----- Task data -----

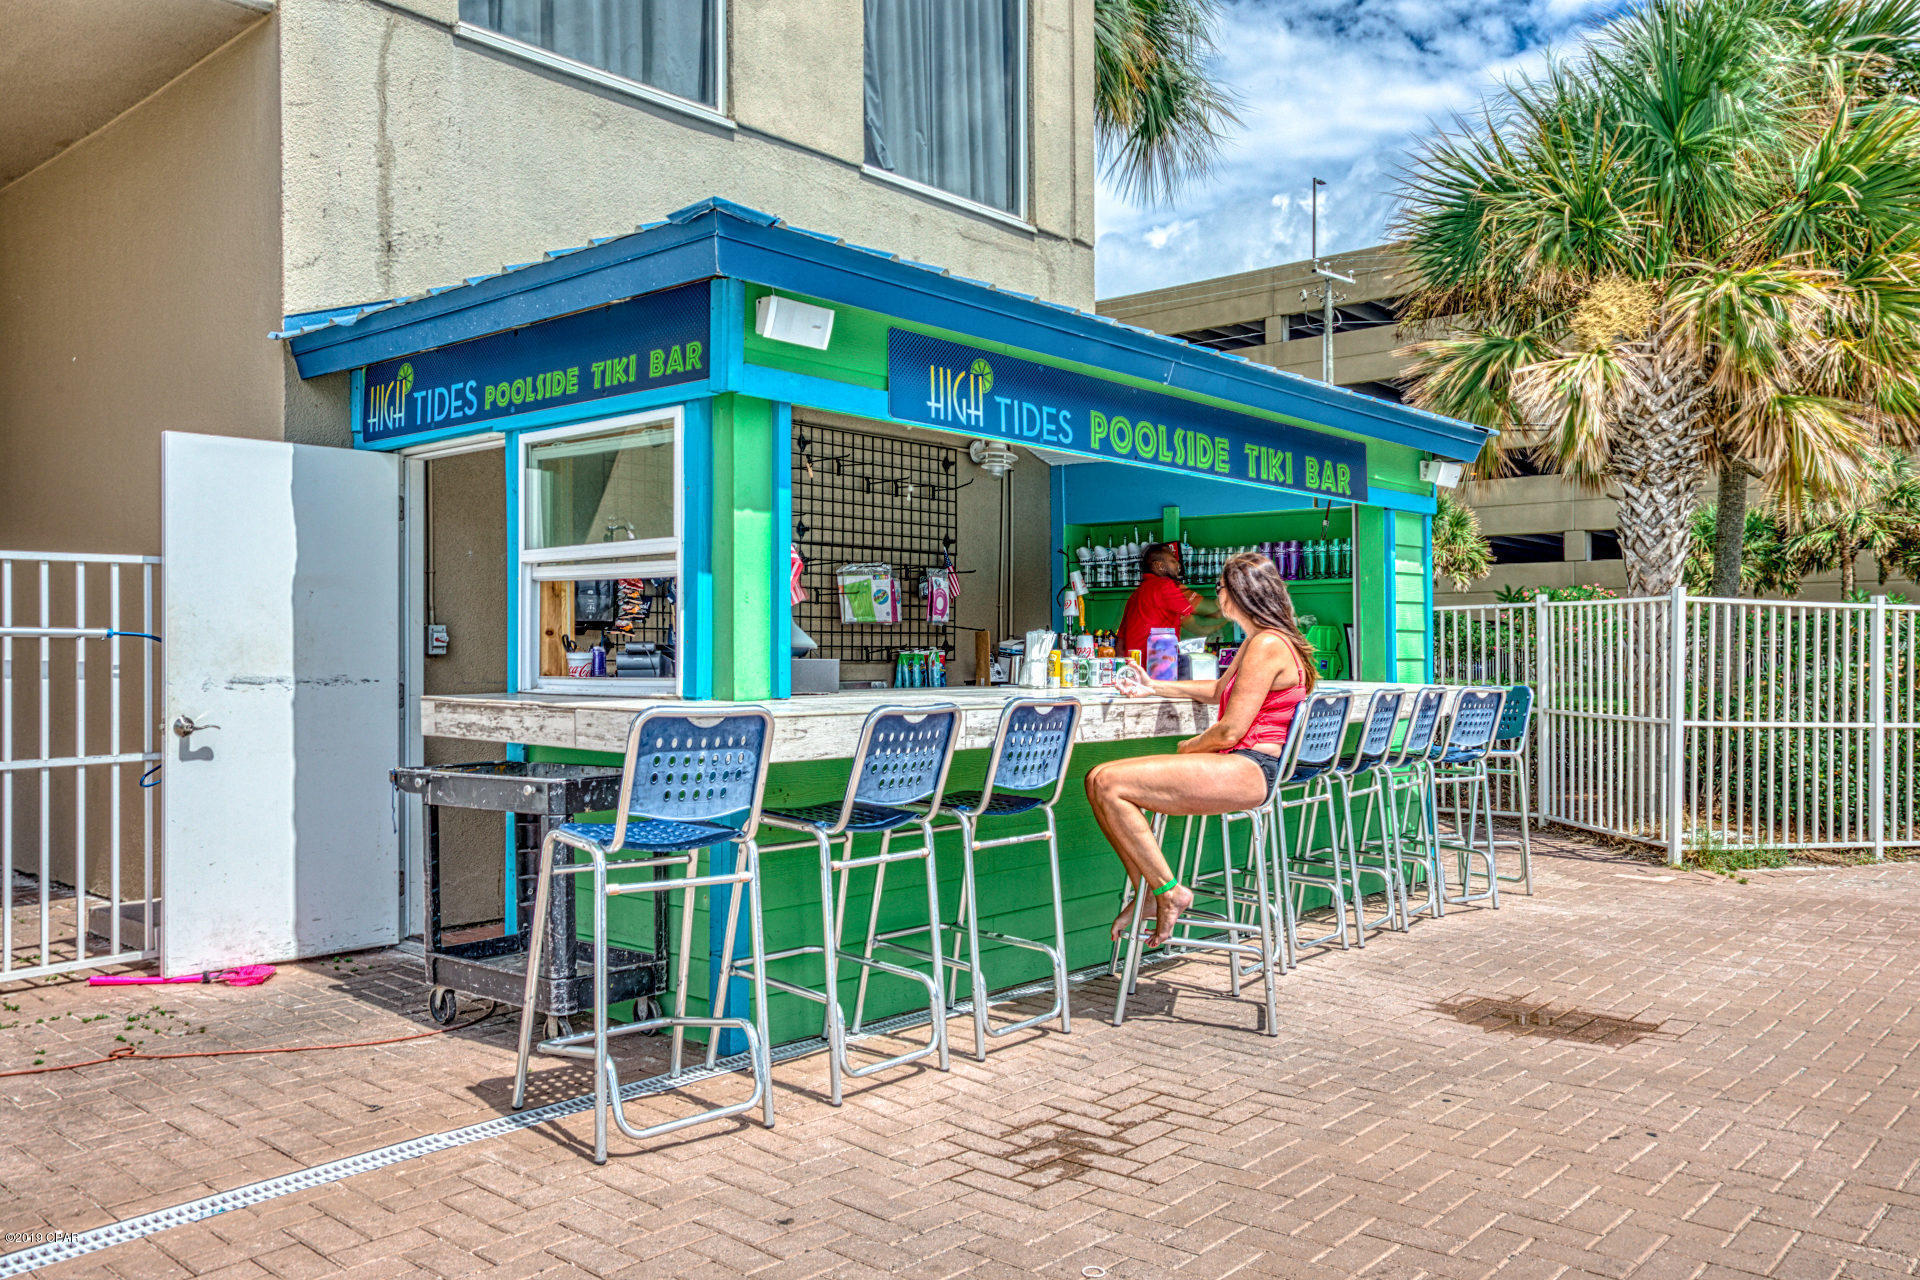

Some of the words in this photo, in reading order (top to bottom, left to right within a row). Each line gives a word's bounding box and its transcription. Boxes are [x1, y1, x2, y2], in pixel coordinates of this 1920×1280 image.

[367, 380, 406, 432] HIGH
[413, 380, 478, 425] TIDES
[484, 366, 580, 410] POOLSIDE
[591, 354, 637, 390] TIKI
[649, 341, 703, 378] BAR
[926, 365, 983, 427] HIGH
[994, 395, 1073, 444] TIDES
[1090, 409, 1231, 474] POOLSIDE
[1244, 442, 1294, 485] TIKI
[1305, 455, 1352, 496] BAR

-----

Directions:
For the material above, repeat each line exactly and leave out the pictures.

Expected answer:
Some of the words in this photo, in reading order (top to bottom, left to right within a row). Each line gives a word's bounding box and its transcription. Boxes are [x1, y1, x2, y2], in pixel coordinates of this 1920×1280 image.

[367, 380, 406, 432] HIGH
[413, 380, 478, 425] TIDES
[484, 366, 580, 410] POOLSIDE
[591, 354, 637, 390] TIKI
[649, 341, 703, 378] BAR
[926, 365, 983, 427] HIGH
[994, 395, 1073, 444] TIDES
[1090, 409, 1231, 474] POOLSIDE
[1244, 442, 1294, 485] TIKI
[1305, 455, 1352, 496] BAR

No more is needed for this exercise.